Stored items
####
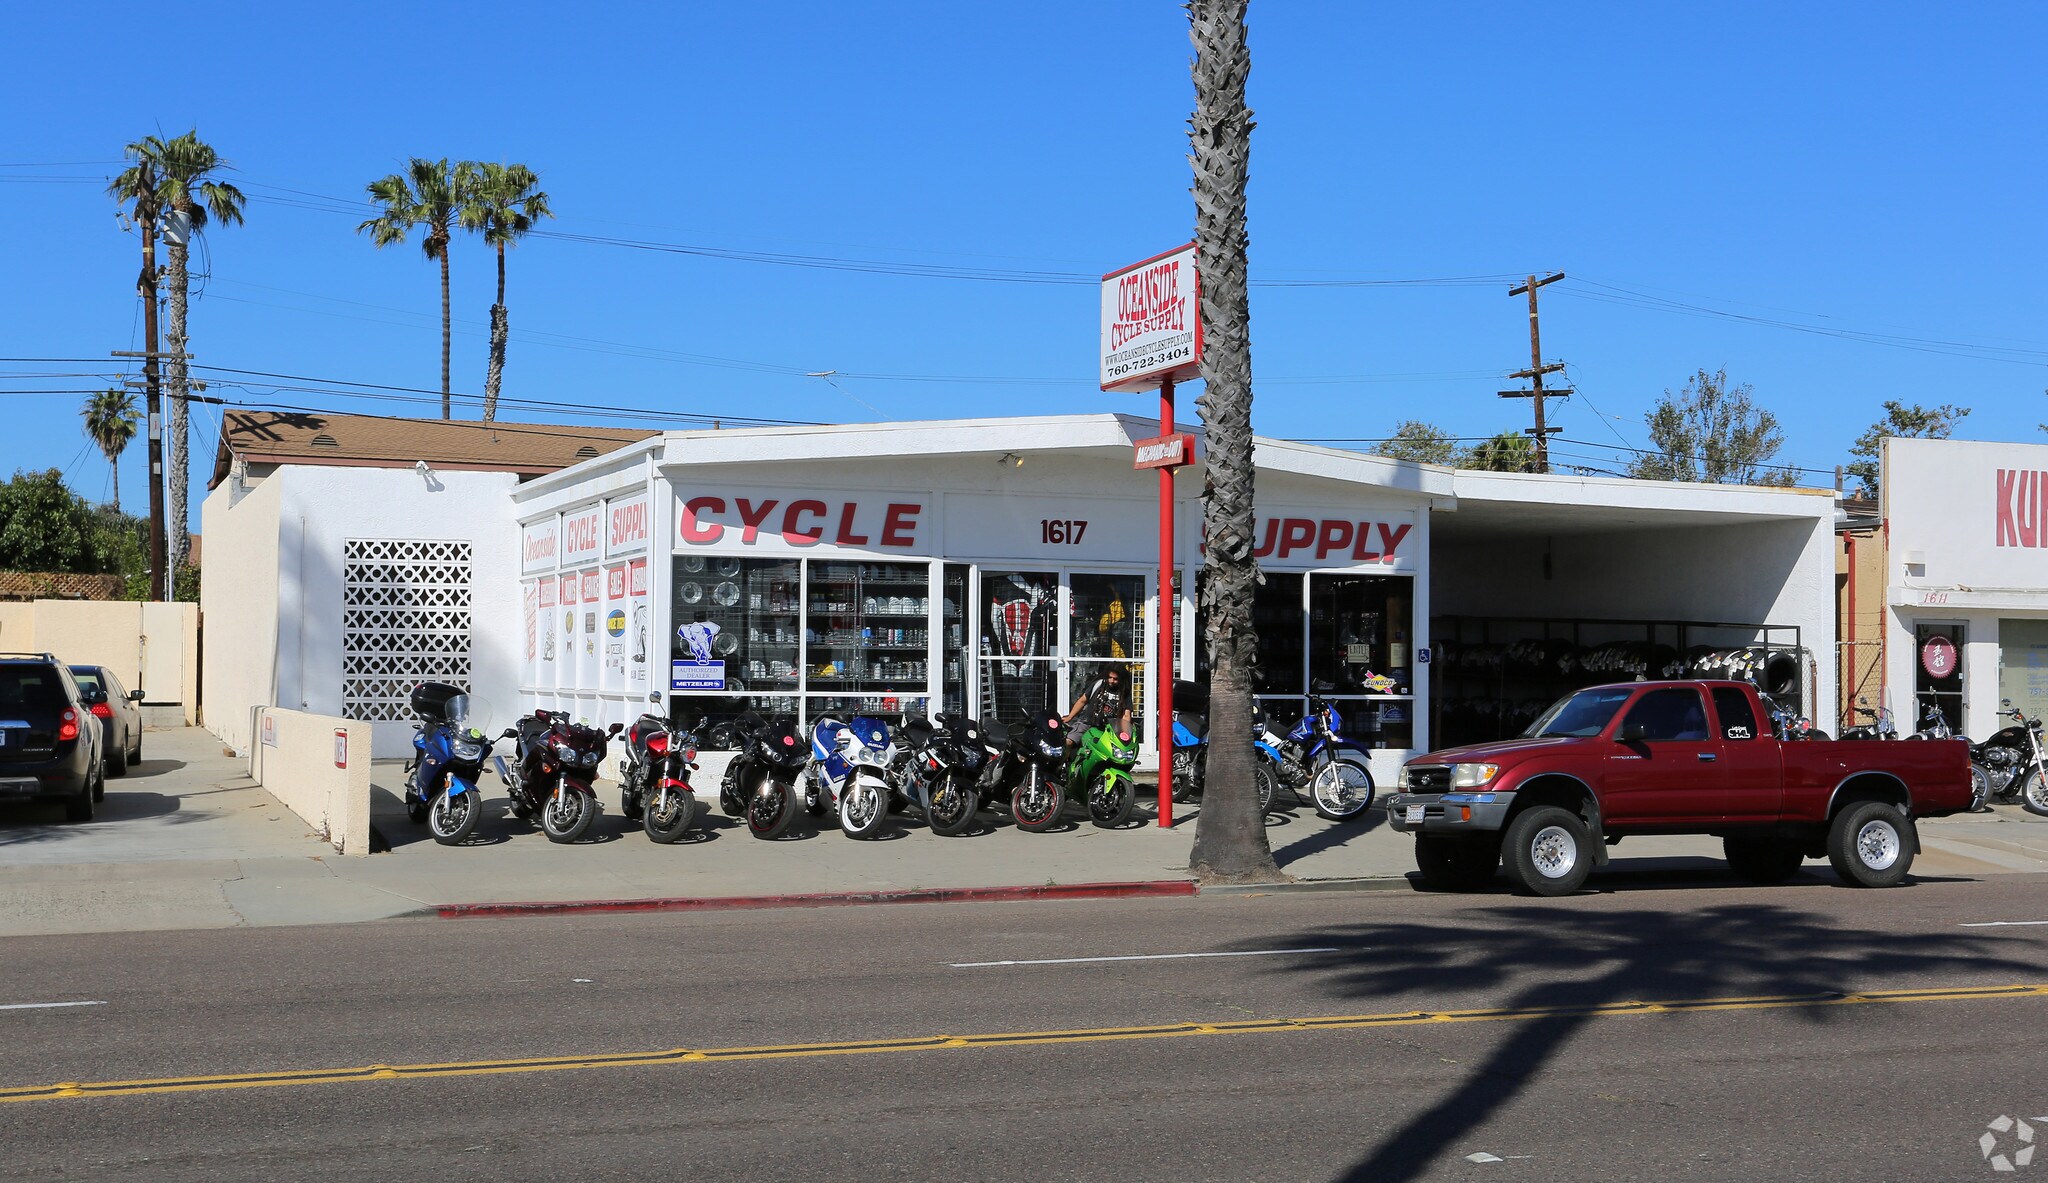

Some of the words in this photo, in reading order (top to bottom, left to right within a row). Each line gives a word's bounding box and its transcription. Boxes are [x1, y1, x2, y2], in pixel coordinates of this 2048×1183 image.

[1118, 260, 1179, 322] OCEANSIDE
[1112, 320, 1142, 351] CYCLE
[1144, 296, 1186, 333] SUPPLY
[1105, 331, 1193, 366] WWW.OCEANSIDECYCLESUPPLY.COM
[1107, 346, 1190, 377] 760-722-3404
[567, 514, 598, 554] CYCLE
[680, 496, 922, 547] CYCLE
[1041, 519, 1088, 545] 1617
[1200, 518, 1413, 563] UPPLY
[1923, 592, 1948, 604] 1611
####
TO DO » Your answer must be the records above, word for word, with no pictures.

TASK RESPONSE »
Some of the words in this photo, in reading order (top to bottom, left to right within a row). Each line gives a word's bounding box and its transcription. Boxes are [x1, y1, x2, y2], in pixel coordinates of this 2048×1183 image.

[1118, 260, 1179, 322] OCEANSIDE
[1112, 320, 1142, 351] CYCLE
[1144, 296, 1186, 333] SUPPLY
[1105, 331, 1193, 366] WWW.OCEANSIDECYCLESUPPLY.COM
[1107, 346, 1190, 377] 760-722-3404
[567, 514, 598, 554] CYCLE
[680, 496, 922, 547] CYCLE
[1041, 519, 1088, 545] 1617
[1200, 518, 1413, 563] UPPLY
[1923, 592, 1948, 604] 1611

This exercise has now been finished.